Selain itu, sinrilik bositimurung dapat pula dijadikan sebagai pelajaran atau nasihat yang berharga bagi orang yang menyimaknya karena isinya menceritakan tentang ganjaran perbuatan yang baik dan siksaan terhadap perbuatan jelek di akhirat kelak. Sinrilik yang mengisahkan tentang hal – hal seperti ini biasanya dilantungkan pada saat kedukaan atau kematian sehingga dapat pula dijadikan sebagai hiburan bagi orang yang ditinggalkan.
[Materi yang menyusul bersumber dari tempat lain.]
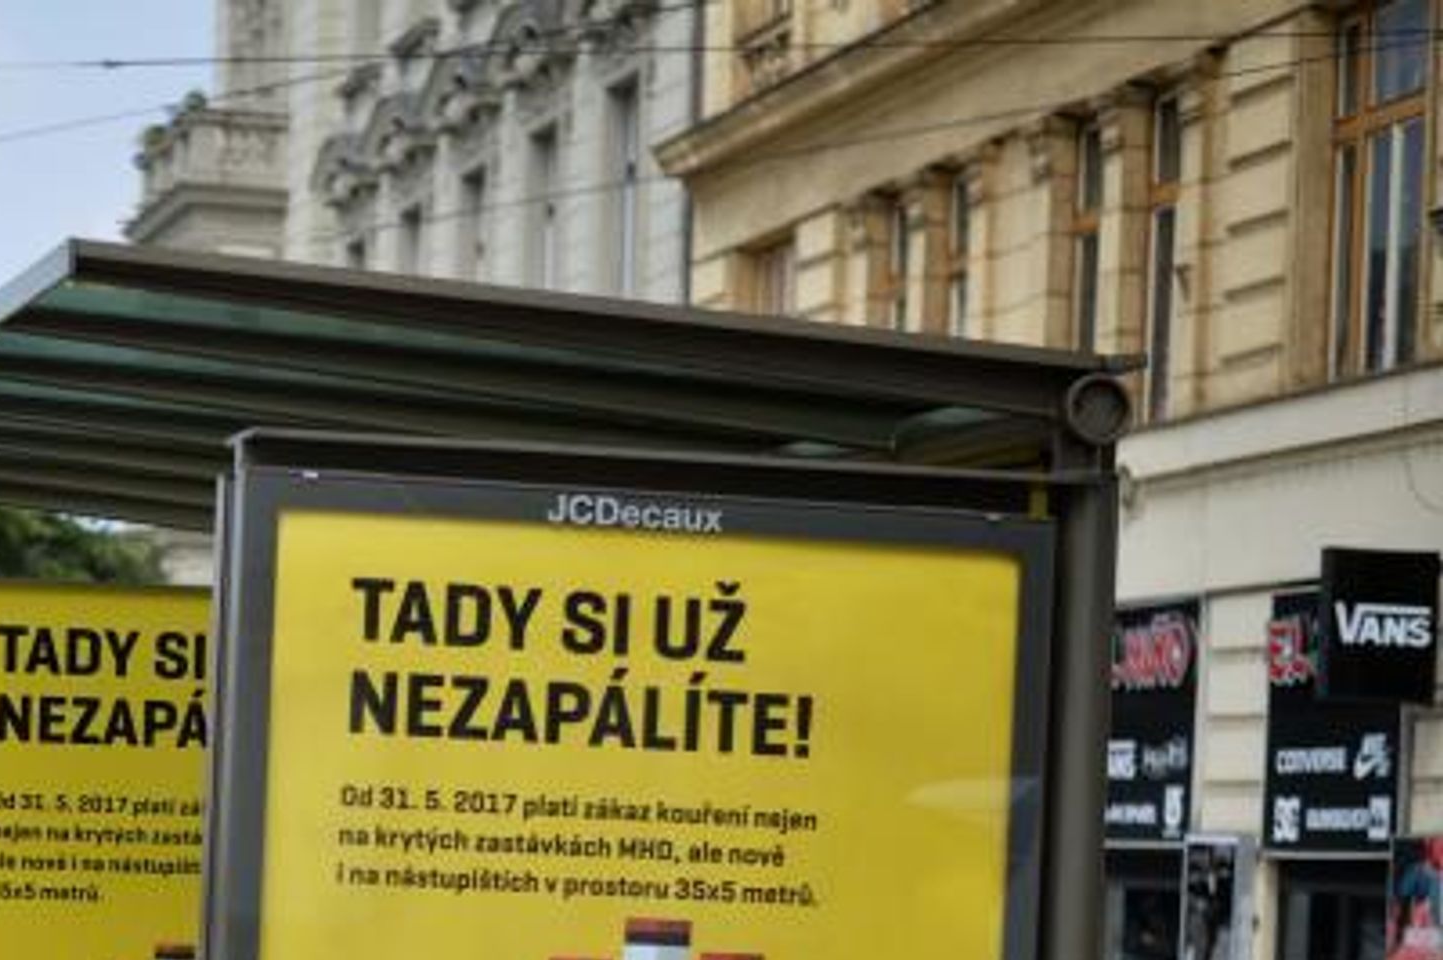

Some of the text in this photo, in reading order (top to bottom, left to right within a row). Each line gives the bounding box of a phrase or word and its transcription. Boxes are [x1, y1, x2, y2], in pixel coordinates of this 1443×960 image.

[547, 494, 724, 533] JCDecaux
[351, 577, 746, 663] TADY SI UŽ
[1333, 600, 1433, 648] VANS
[155, 631, 207, 681] SI
[349, 667, 814, 759] NEZAPÁLÍTE!
[78, 793, 128, 814] 2017
[179, 797, 205, 818] zá
[341, 785, 818, 835] Od 31. 5. 2017 platí zákaz kouření nejen
[46, 826, 70, 842] na
[338, 825, 785, 868] na krytých zastávkách MHD, ale nově
[349, 869, 380, 885] na
[385, 864, 539, 895] nástupištích
[544, 876, 558, 893] v
[562, 876, 669, 901] prostoru
[674, 877, 737, 903] 35x5
Acara tersebut biasa disebut Ammaca Kittak yang pelaksanaannya dilakukan setelah tadarrus Alquran.
  
3.      Contoh Sinrilik
a.      Sinrilik Pakesok – kesok
Nampami sulengka rapak, natakbenrong binakbakku kesok – kesokna tampaselaki matangku
“Baru saja ia bersila, terpukullah jantungku, kesok – kesoknya membuatku tak dapat tidur”.
Penampilan dan gesekan kesok – kesok tersebut sangat memikat penonton, sehingga tahan untuk tak tertidur (Sirajuddin Bantang).   
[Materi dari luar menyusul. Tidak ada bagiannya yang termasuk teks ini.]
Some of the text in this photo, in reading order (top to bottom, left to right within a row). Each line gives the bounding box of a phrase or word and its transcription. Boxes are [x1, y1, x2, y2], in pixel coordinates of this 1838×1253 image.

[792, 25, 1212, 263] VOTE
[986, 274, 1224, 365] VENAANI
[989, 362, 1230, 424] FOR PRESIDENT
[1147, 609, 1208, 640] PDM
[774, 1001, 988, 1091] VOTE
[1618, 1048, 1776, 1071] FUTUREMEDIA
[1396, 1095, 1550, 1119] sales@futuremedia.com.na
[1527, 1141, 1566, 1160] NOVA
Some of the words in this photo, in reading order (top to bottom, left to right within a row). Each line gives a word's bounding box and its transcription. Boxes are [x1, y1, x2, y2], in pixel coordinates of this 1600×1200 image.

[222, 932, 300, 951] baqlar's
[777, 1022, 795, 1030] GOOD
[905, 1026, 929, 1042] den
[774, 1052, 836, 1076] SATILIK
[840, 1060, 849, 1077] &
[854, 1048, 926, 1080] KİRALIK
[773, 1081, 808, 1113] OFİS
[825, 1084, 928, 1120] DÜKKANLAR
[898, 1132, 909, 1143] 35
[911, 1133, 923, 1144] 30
b.      Sinrilik Bositimurung
Bosi timurung, batu merah pandanganku, dingin menulang jamrud hatiku. Semalam suntuk aku gelisah, aku tidak dapat tidur, mataku tidak pernah terlena. Robek – robeklah selimut yang tidak pernah kubuka memikirkan raut mukamu, menghitung – hitung kebaikanmu. Engkau bagaikan bulan yang tidak pernah tertutup awan. Engkau seperti bintang yang tembus dipandang, berkedip – kedip tidak pernah lepas dari mataku. Engkau tidak pernah lepas dari perhatianku, mutiara kamarku yang selalu menerangi rumahku. Suluh di kegelapan penerangan di tengah malam.
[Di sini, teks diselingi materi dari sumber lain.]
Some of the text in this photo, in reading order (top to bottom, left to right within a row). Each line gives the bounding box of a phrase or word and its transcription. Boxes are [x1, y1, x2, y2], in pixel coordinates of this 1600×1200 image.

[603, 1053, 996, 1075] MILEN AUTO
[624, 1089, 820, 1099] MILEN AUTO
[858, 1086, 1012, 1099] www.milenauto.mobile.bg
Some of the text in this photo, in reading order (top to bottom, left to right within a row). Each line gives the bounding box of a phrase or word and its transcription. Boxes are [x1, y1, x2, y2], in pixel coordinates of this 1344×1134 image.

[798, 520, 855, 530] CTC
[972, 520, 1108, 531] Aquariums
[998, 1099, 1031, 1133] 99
Hatimu baik, tubuhmu langsing jarang menyamainya, tingkahmu bagus, sopan tutur sapanya, si manis darah yang menawan dipandang mata. Sudah kukatakan bahwa walau pattola (gadis pilihan) sudah berkumpul bermain, walau cinde (gadis pilihan) sudah berkumpul di halaman, pilihanku tidak akan berpindah, pusat pandanganku tidak akan bergeser ujian cintaku, memang kepadamulah meraja rasa hatiku. Pada akhirnya dia berkata : bagaikan intan kusayangimu, bagaikan jamrud kurindukanmu, bagai emas kusimpan di dalam hati.

B.ANNGARU
1.      Aru
Aru adalah sejenis puisi dalam sastra Makassar. Anngaru adalah semacam ikrar atau ungkapan sumpah setia yang sering disampaikan oleh orang – orang gowa pada masa silam. Aru biasanya diucapkan oleh bawahan kepada atasannya, abdi kepada rajanya, prajurit kepada komandannya, masyarakat kepada pemerintahannya, bahkan raja atau pmrintah trhadap rakyatnya, apa yang diungkapkan dalam aru itu akan dilaksanakan dengan sungguh – sungguh, baik untuk kepentingan pemerintah pada masa damai maupun pada saat perang.
Aru dapat pula merupakan pendorong atau motivasi untuk mewujudkan apa yang menjadi cita – cita sang raja atau pemerintah dalam membangun kerajaan atau negerinya. Oleh karena itu, setiap raja atau pemerintah atau pejabat yang baru dilantik trlebih dahulu mengucapkan aru atau sumpah setia di depan rajanya atau rakyatnya bahwa ia akan bekerja bersungguh – sungguh dalam melaksanakan tugas – tugasnya.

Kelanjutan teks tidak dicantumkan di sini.